No. I think we have two, three products which are peptides which we are expecting this year. Then we have just recently been given the approval of Nano Paclitaxel. There are a few others that we have in our pipeline. We are hoping that these approvals can come in the second half of the year. I mean, they will come as they are approved in the first half and second half. Some of the, you will see the full impact of a lot of these products in our second half of the year numbers.
Understood. Thanks. That's it from me.
Thank you. Ladies and gentlemen, this will be the last question for today, which is from the line of Vishal from Systematix. Please go ahead.
Thanks for the opportunity. Hope I'm audible.
Can you speak a little louder? Sorry. Go ahead.
Yeah. So basically, my question is on the inhaled insulin.
I'm sorry to interrupt you, Vishal. We are unable to hear you. Can you speak a bit louder?
Hello. Is this better?
Yes. Much better. Please go ahead.
On the inhaled insulin that you got approval for in the last quarter, just wanted to get the sense on the opportunity size. How are you going to price it versus the other injectable insulin? Largely because the asset has not done well globally. Anything that you can kind of make it work in India?

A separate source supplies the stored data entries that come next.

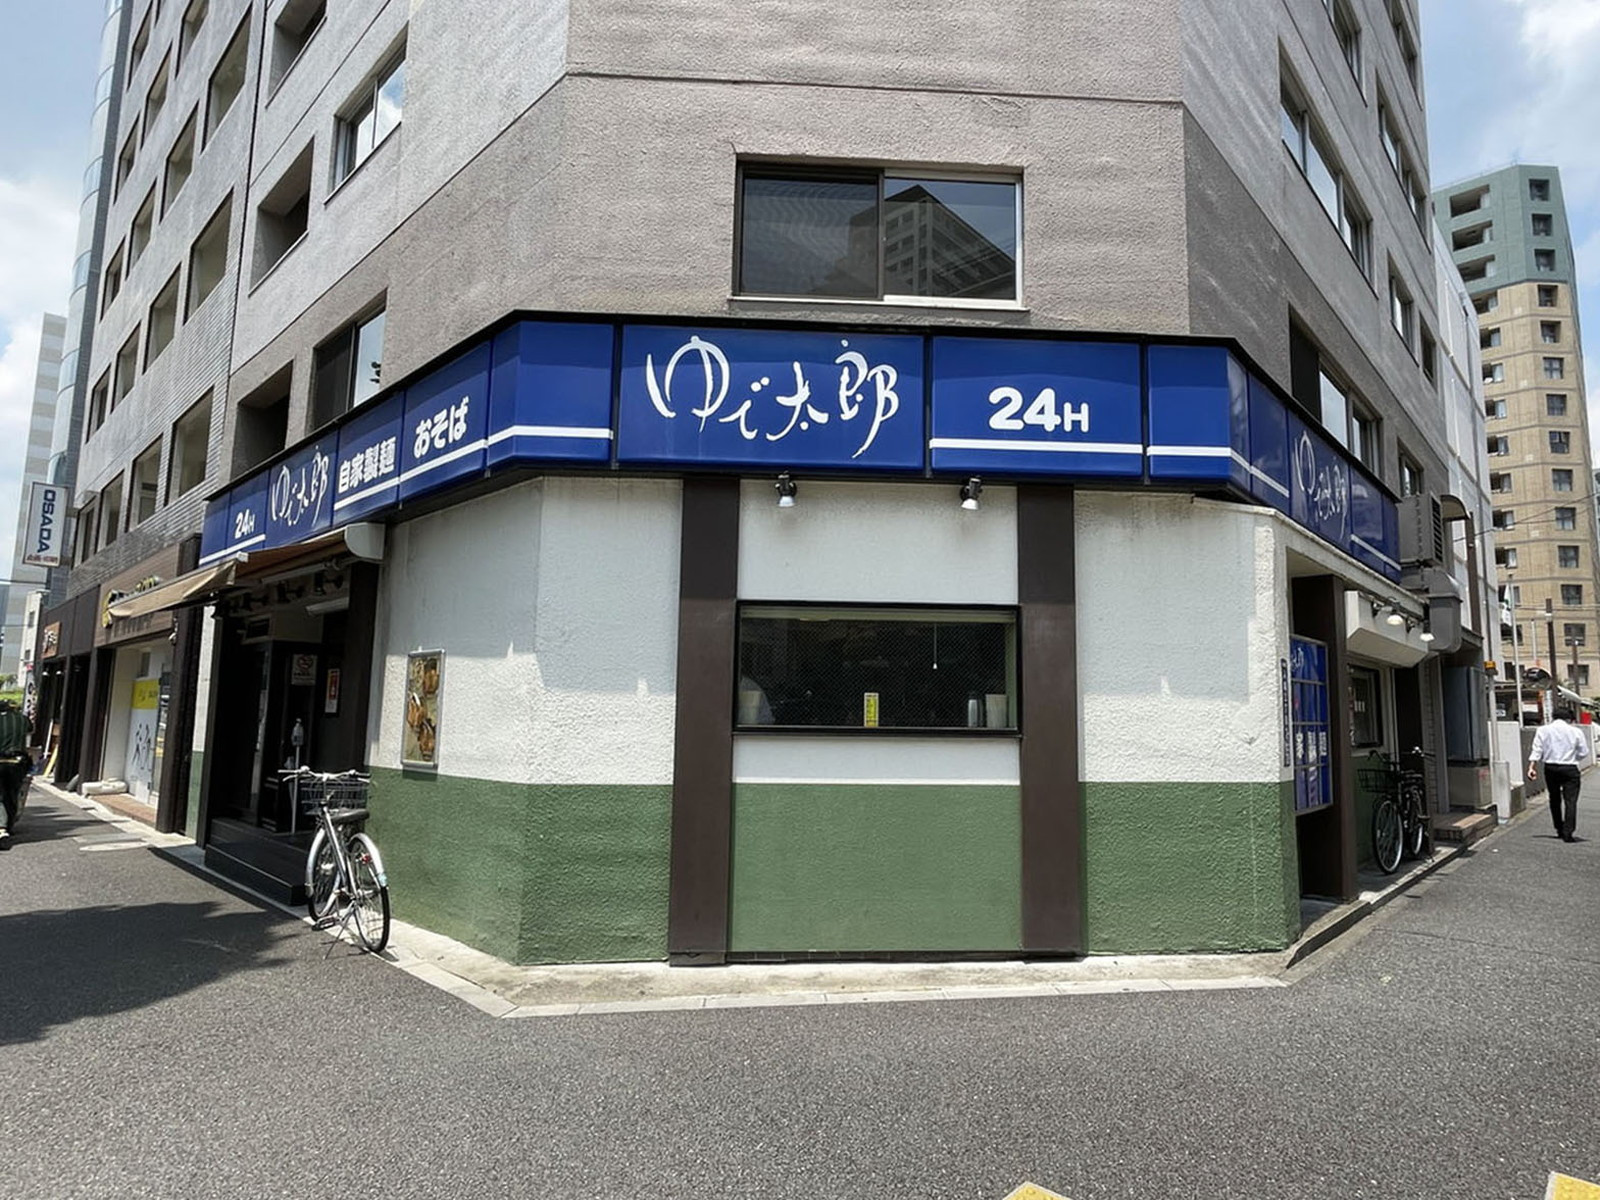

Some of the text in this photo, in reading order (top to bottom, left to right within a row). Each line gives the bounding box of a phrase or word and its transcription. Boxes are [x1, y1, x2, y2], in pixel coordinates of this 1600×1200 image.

[646, 335, 900, 459] ゆで太郎
[988, 387, 1089, 433] 24H
[413, 396, 469, 459] おそば
[337, 436, 397, 494] 自家製麺
[36, 489, 57, 553] OSADA
[234, 508, 255, 539] 24H

I think obviously, on pricing, etc., we have an idea of where the market needs to be. I think we are working towards that. I think the launches somewhere around should hopefully follow in three to four months. We have a market plan for this. The idea of inhaled insulin is never to replace the way insulin is served in the market in India. By its very nature, the asset is a niche asset for people who cannot take injectable drugs or people who are hesitant to take injectable drugs. That is the reason and the niche where it will be positioned. It is not a mass product. I do not think the product needs to do hugely well in any market because it is not intended to do that. It is intended to serve a section of population and an unmet need for that population.

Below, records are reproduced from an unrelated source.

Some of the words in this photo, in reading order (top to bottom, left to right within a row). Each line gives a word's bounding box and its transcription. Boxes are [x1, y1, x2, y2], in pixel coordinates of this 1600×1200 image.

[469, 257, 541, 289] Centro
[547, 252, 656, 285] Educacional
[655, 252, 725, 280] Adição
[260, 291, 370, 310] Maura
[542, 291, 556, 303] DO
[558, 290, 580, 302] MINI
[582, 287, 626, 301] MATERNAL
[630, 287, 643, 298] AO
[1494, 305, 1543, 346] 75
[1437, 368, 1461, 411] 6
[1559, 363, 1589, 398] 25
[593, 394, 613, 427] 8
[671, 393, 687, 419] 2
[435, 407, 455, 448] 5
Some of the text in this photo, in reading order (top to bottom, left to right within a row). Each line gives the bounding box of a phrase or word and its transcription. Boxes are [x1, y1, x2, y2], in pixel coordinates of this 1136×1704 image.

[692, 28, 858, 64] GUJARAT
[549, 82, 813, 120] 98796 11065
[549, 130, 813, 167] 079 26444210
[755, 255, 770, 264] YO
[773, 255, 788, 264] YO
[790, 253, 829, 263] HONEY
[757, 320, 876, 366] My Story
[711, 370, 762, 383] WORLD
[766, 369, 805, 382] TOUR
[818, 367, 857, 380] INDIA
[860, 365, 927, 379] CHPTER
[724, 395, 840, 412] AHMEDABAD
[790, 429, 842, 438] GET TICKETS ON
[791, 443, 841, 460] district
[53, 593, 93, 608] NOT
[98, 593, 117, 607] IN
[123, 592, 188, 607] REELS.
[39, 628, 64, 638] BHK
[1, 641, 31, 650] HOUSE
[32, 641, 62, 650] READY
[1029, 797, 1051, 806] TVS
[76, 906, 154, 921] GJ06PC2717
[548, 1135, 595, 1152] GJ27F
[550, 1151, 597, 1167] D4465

Okay. All right. So kind of any number as to can it be a low single-digit market share product in terms of volumes?
The overall insulin market, yes. Probably that's where it will end up. It's not going to be a huge market share product. The insulin category is huge. Our research says that there is a list of people who have injectable phobia and who might actually benefit from inhaled insulin.

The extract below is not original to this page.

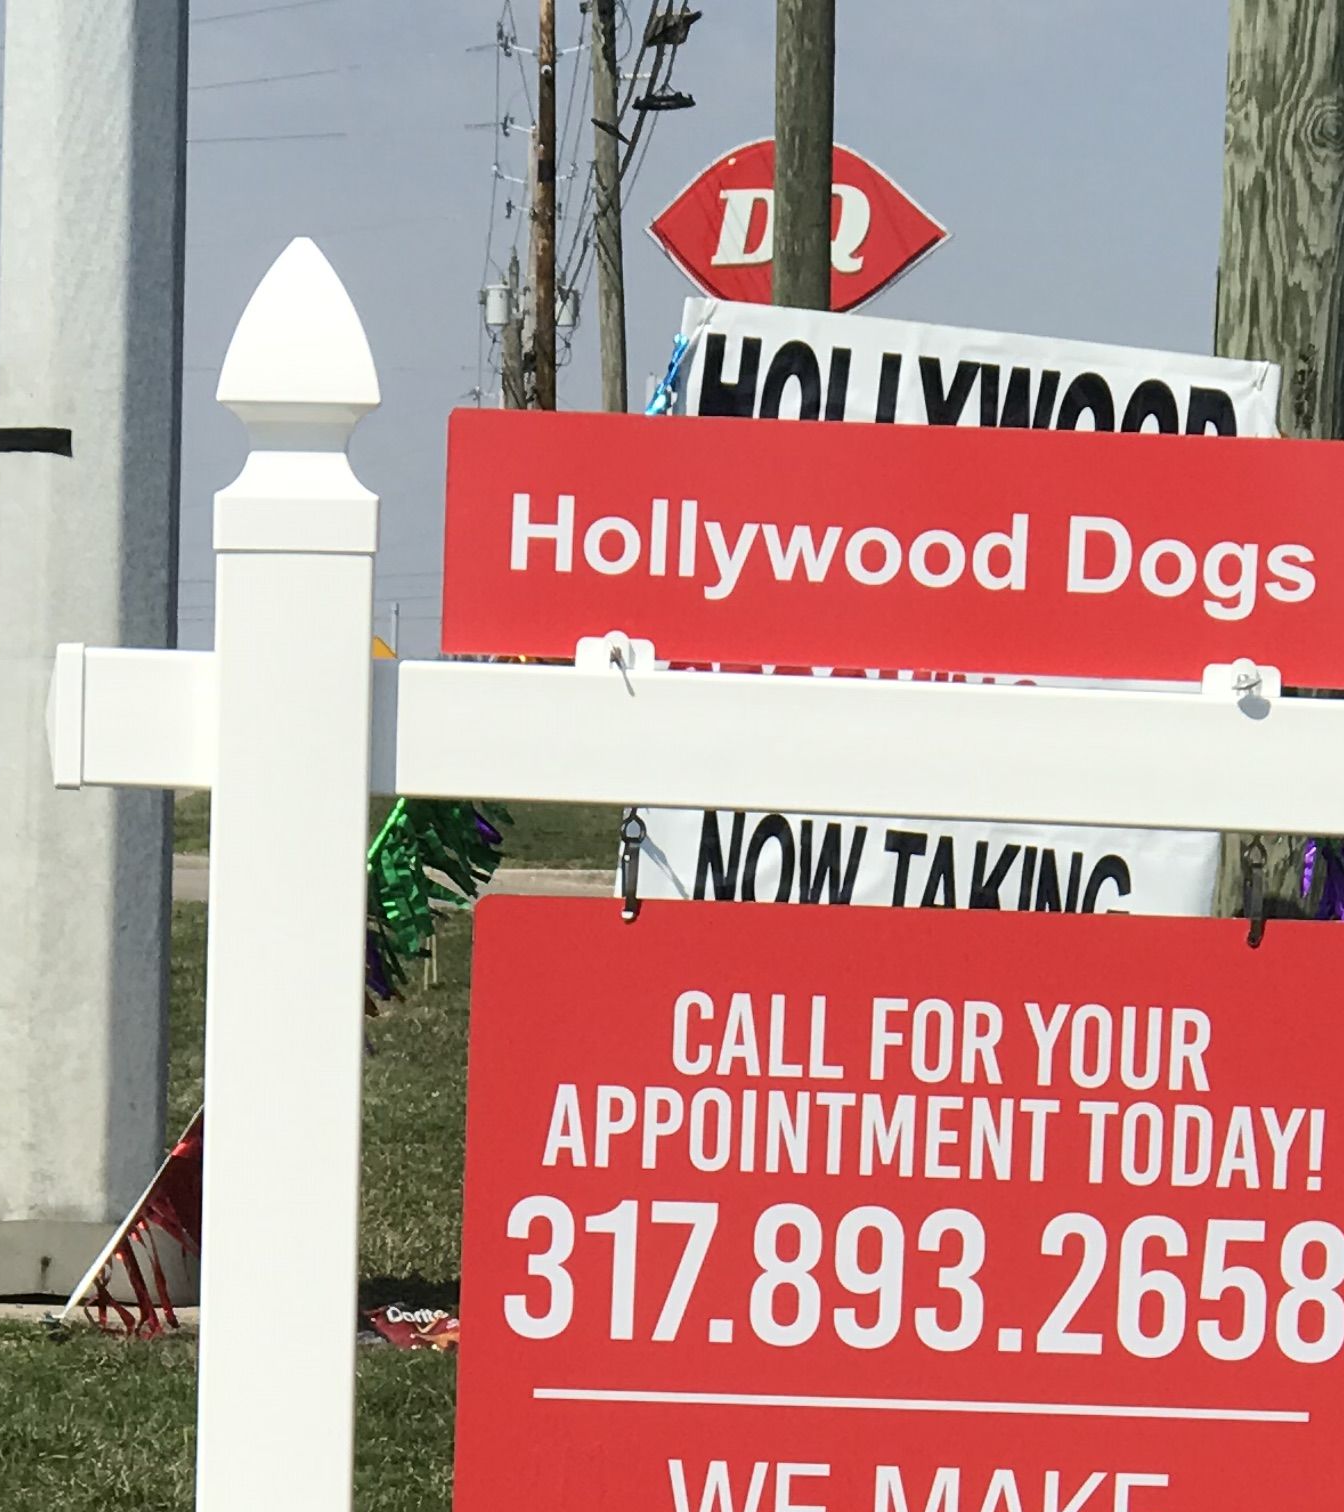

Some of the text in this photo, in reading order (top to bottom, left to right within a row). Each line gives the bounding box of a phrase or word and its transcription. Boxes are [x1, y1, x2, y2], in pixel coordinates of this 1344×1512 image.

[510, 493, 1317, 622] Hollywood Dogs
[692, 810, 1132, 915] NOW TAKING
[672, 990, 1211, 1092] CALL FOR YOUR
[542, 1083, 1326, 1191] APPOINTMENT TODAY!

Right. Thank you. Just a follow-up on GLP-1, have we initiated the clinical trials for the India markets?
As I mentioned, we will be on the day of the market creation.
Okay. Thank you.
We are not giving specific detail on the product per se right now.
Got it.
Thank you. Ladies and gentlemen, that was the last question for today. I would now like to hand the conference over to Ms. Diksha Maheshwari for closing comments.
Thank you, everyone, for joining in. If you have any further questions, please write it to investor.relations@directcipla.com.
Thank you.
Thank you. On behalf of Cipla Ltd, that concludes this conference. Thank you for joining us. You may now disconnect your lines.